Jordan scoffed. “We live in a world without heroes. Only desperate men and women who dare to pick up a sword and try their best to defend what they love.”
“But isn’t that the most heroic thing of all?”
He gave her a steady look, green eyes meeting her blue ones. That feeling of him playing big brother, trying to see right through the mask she wore, made her skin tingle, and she quirked an eyebrow at him until he looked away.
“So if you’re feeling okay enough to act like yourself, care to explain what happened?” Jordan held out his hand without looking at her, and she took it without a second thought. When he started in with the needle and thread, she squeezed just hard enough so she wouldn’t hurt him, clenching her jaw against the rest of the sharp sting.
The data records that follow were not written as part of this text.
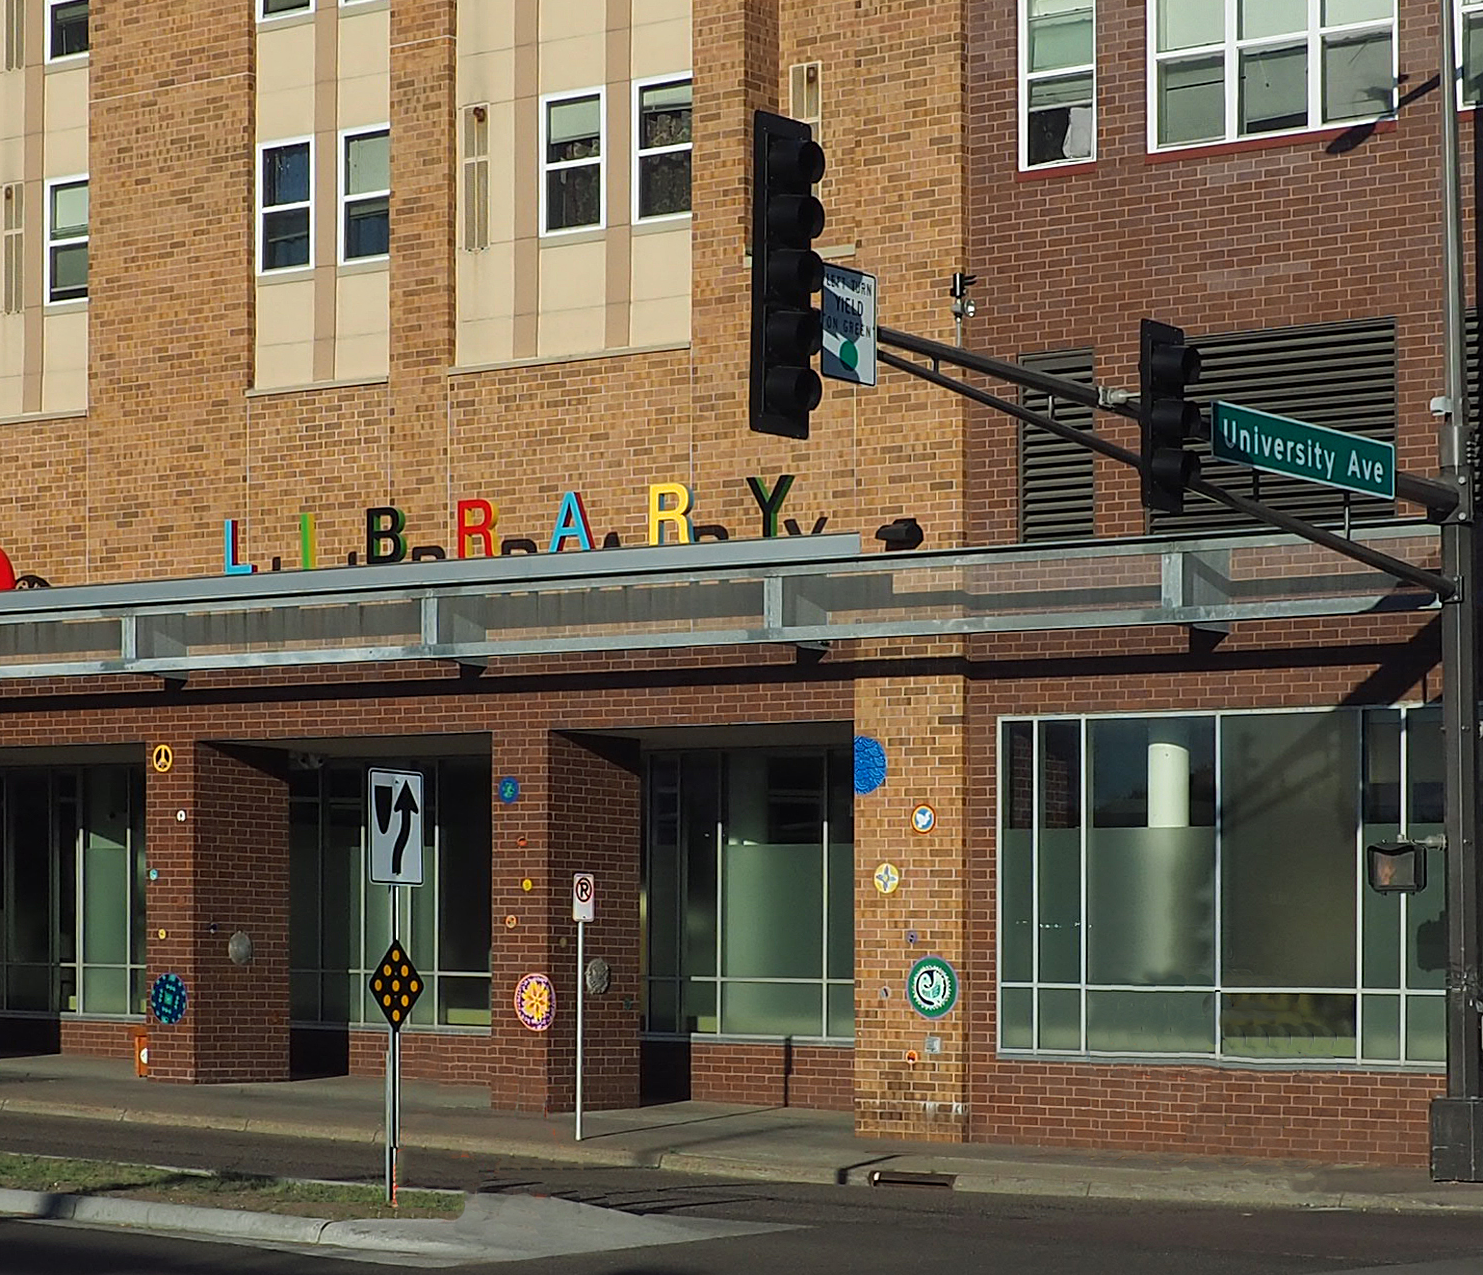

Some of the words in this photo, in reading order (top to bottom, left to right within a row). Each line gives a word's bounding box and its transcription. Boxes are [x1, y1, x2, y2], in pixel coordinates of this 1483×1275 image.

[826, 273, 845, 289] LEFT
[851, 279, 872, 296] TURN
[837, 296, 864, 316] YIELD
[826, 316, 838, 329] ON
[843, 320, 872, 338] GREEN
[1223, 418, 1335, 480] University
[1347, 450, 1384, 484] Ave
[224, 474, 795, 575] LIBRARY
“It’s a long story that has to do with why I left two years ago,” Lila said. Jordan had always worked quickly, something she never failed to appreciate, especially now when she dared to look down and saw that he’d finished on her legs and was making his way up her arms.
He bit his lip in concentration, stitching shut another nasty slice on her forearm. Lila held back a remark about her looking like Frankenstein when he was finished, because the only response she’d get out of him while he was so focused was a disapproving look. “Then make a long story short. I’ve got time.”
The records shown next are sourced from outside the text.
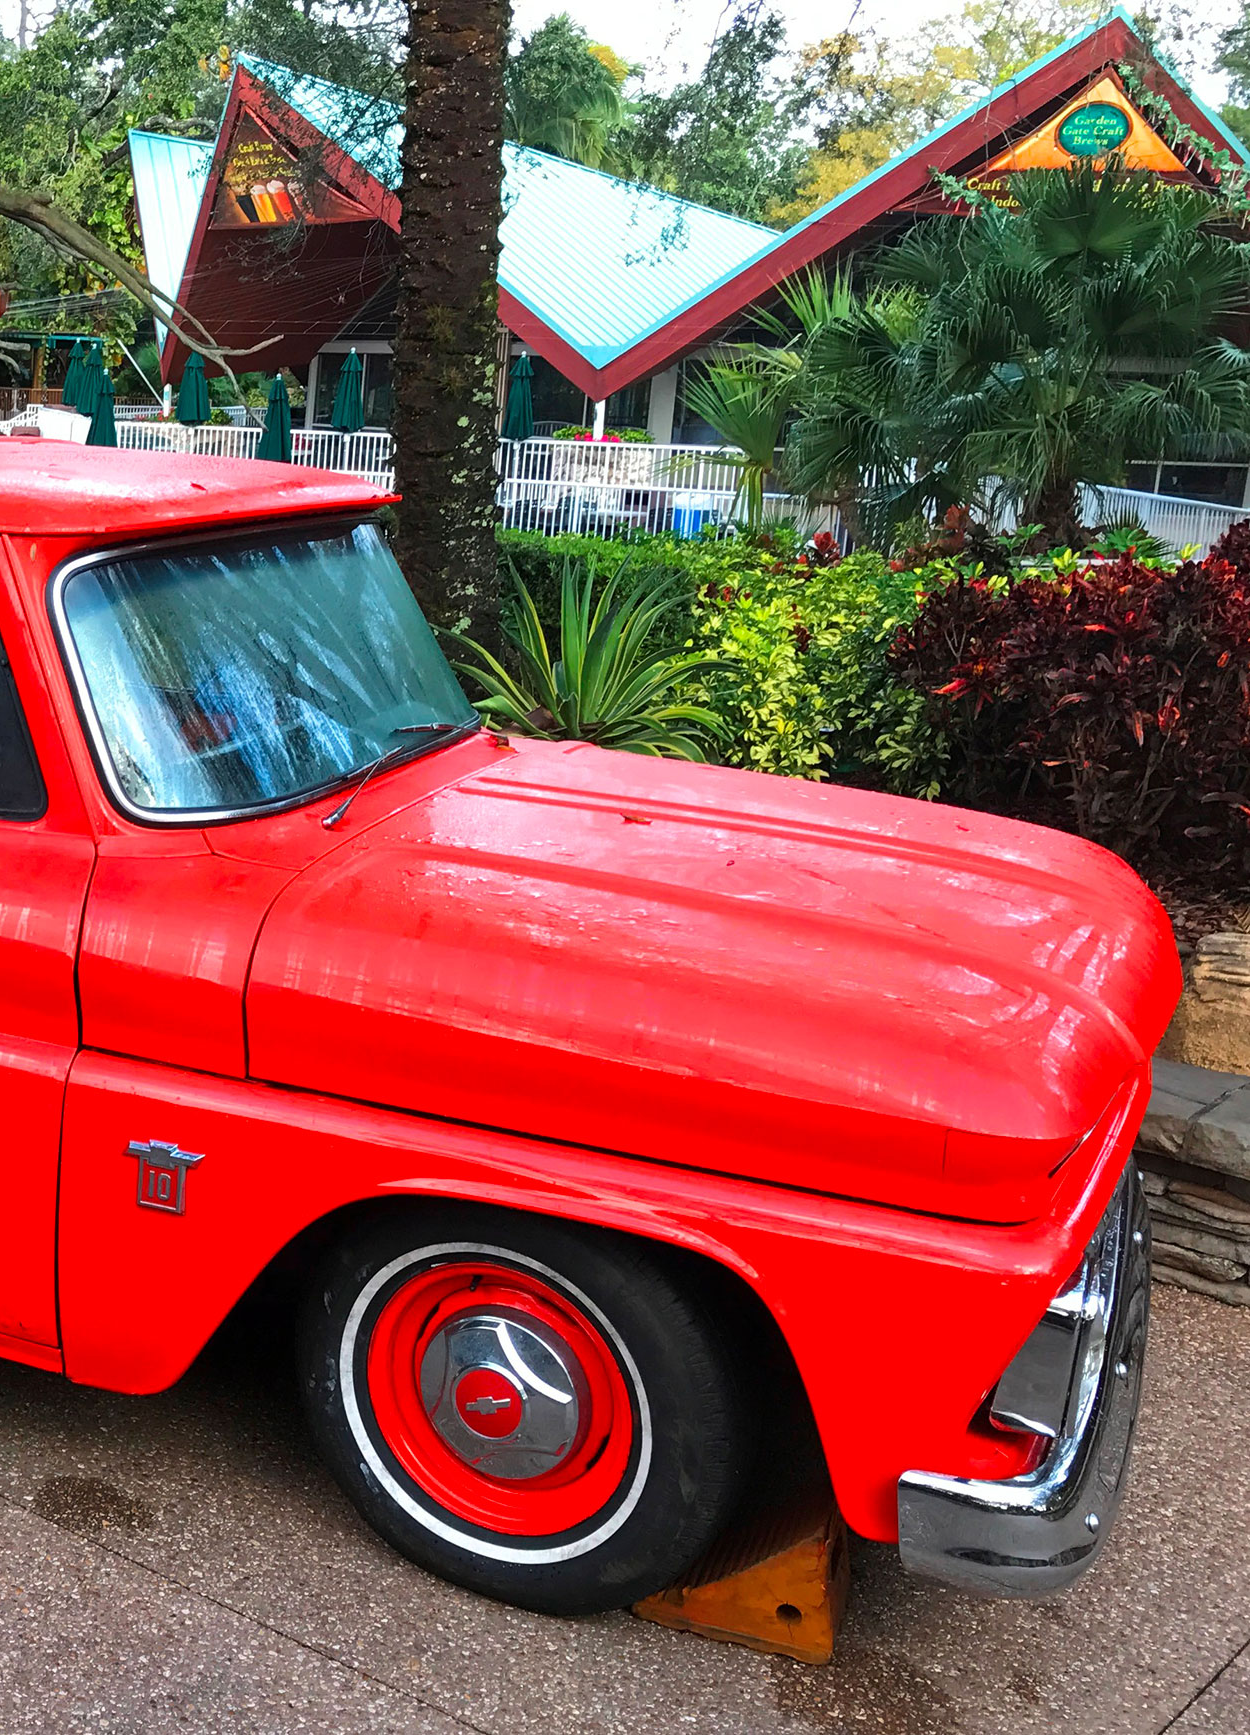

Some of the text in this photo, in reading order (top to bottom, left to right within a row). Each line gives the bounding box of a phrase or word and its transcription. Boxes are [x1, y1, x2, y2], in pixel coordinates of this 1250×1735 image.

[1074, 115, 1117, 125] Garden
[1062, 125, 1124, 136] Gate Craft
[1072, 135, 1109, 145] Brews
[967, 178, 1001, 191] Craft
[148, 1170, 171, 1201] 10
Sighing, Lila swung her feet back and forth a little bit, trying to figure out where to begin. The best thing to do was simplify, so she said, “The demons were after me, therefore they were after you, which meant I had to leave. Playing double agent only lasted for so long, they found out, and I managed to get away.”
Jordan blinked once, the only sign of his surprise or worry. He was always better at disguising his true feelings than she was, but when she’d known him for as long as she had, she could still tell. “So I’m assuming, since you’re here again, you—”
She nodded. “Killed them all. Every last one, except for the head honcho, of course. Unfortunately she wasn’t there—doesn’t like to get her hands dirty, you know—otherwise I would’ve gotten her, too. But don’t worry, they won’t be able to track me here. I managed to work my illusions to become untraceable, just long enough to get to you.”
“Well I’m glad you’re not dead,” he said with a slight smile, taping one of the more minor cuts on her forehead. “It’s good to hear your voice after two years.”
“Right back atcha, JJ. And thanks for stitching me up.” Lila made to stand, but stumbled as soon as she put her weight on her legs again, clutching onto the chair before she could fall over again. Jordan reached out and grabbed her arm, holding her tight and pulling her over so she could lean against him. She swung an arm around her shoulders, breathing more labored as spots appeared in front of her eyes.
“Sorry,” she said breathlessly, every word a struggle now that the injuries were hitting her full force. “Demon blades—really wore me—out.”
“I couldn’t tell,” he said dryly, grunting a little, not from her weight, but her almost boneless quality. She tried her best to limp alongside him, but her legs were like Jell-O. “You looked like someone had put you through a paper shredder when you came in.”
“There’s blood—on your door. Don’t want—neighbors—asking questions.” Lila’s eyes closed almost all the way, only a sliver of smudgy vision visible to her now.
“Don’t worry about it, I’ll clean it up,” he reassured her in a gentle tone. “Let’s just get you to a bed.”
She blinked, and the next thing she knew she was being lowered onto what felt like a cloud. The best mattress she’d ever laid on enveloped her in warmth and comfort, the soft blankets tucking her in against poofy pillows. Even though she ached all over, she felt her lips twitch up just slightly.
“Thanks, Buttercup,” she mumbled without even knowing if he was still standing there.
“Get some rest, Li,” he whispered, then closed the door with a quiet click.